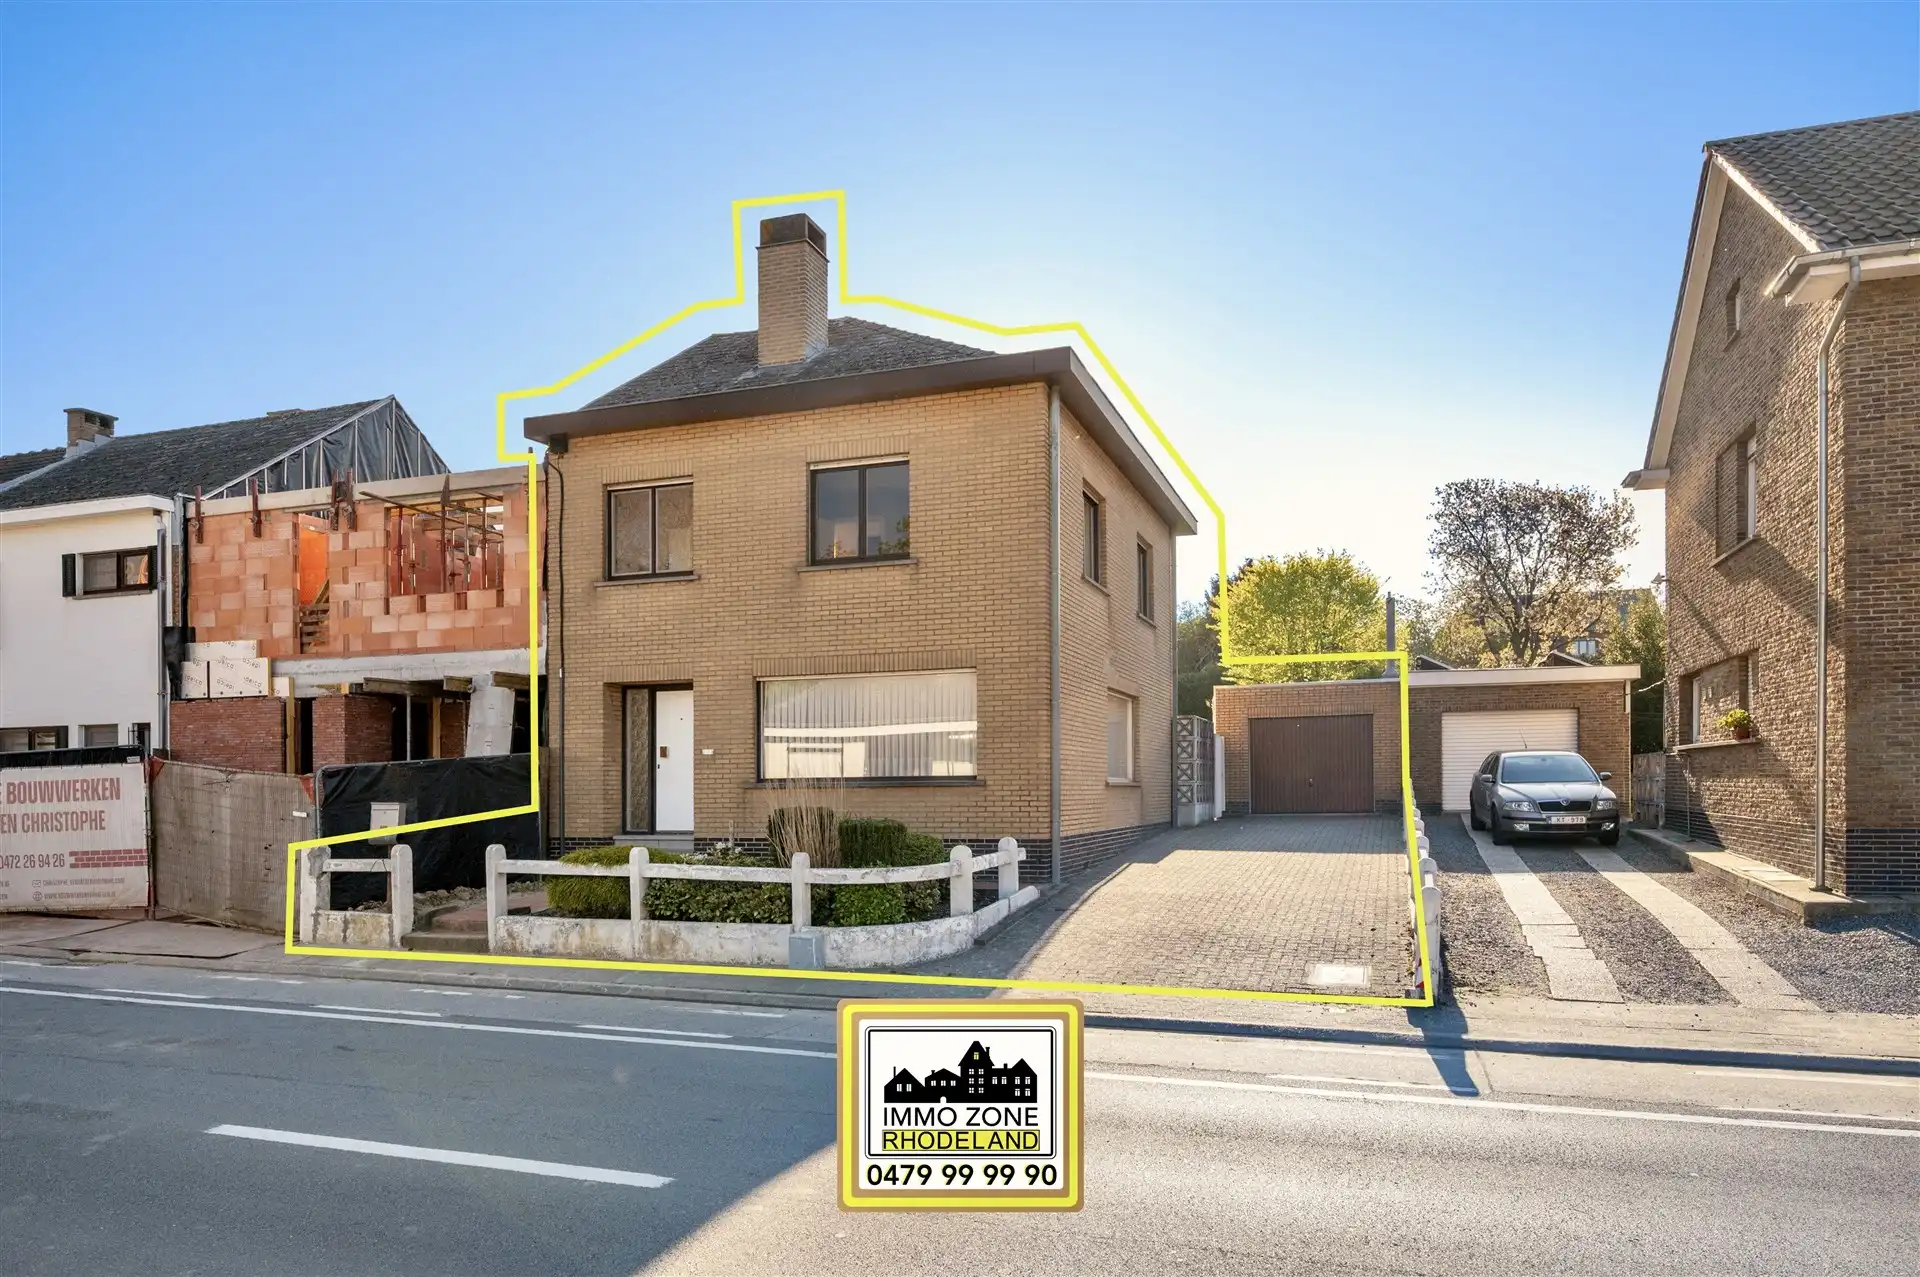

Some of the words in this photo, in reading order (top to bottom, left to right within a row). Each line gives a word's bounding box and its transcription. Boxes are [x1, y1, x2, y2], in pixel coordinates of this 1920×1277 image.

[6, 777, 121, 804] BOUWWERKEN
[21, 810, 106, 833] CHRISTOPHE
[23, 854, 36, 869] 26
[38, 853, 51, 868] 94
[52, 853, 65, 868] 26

========================================

PROBLEM STATEMENT: Take the data above and set it down exactly, images excluded.

TASK OUTPUT:
Some of the words in this photo, in reading order (top to bottom, left to right within a row). Each line gives a word's bounding box and its transcription. Boxes are [x1, y1, x2, y2], in pixel coordinates of this 1920×1277 image.

[6, 777, 121, 804] BOUWWERKEN
[21, 810, 106, 833] CHRISTOPHE
[23, 854, 36, 869] 26
[38, 853, 51, 868] 94
[52, 853, 65, 868] 26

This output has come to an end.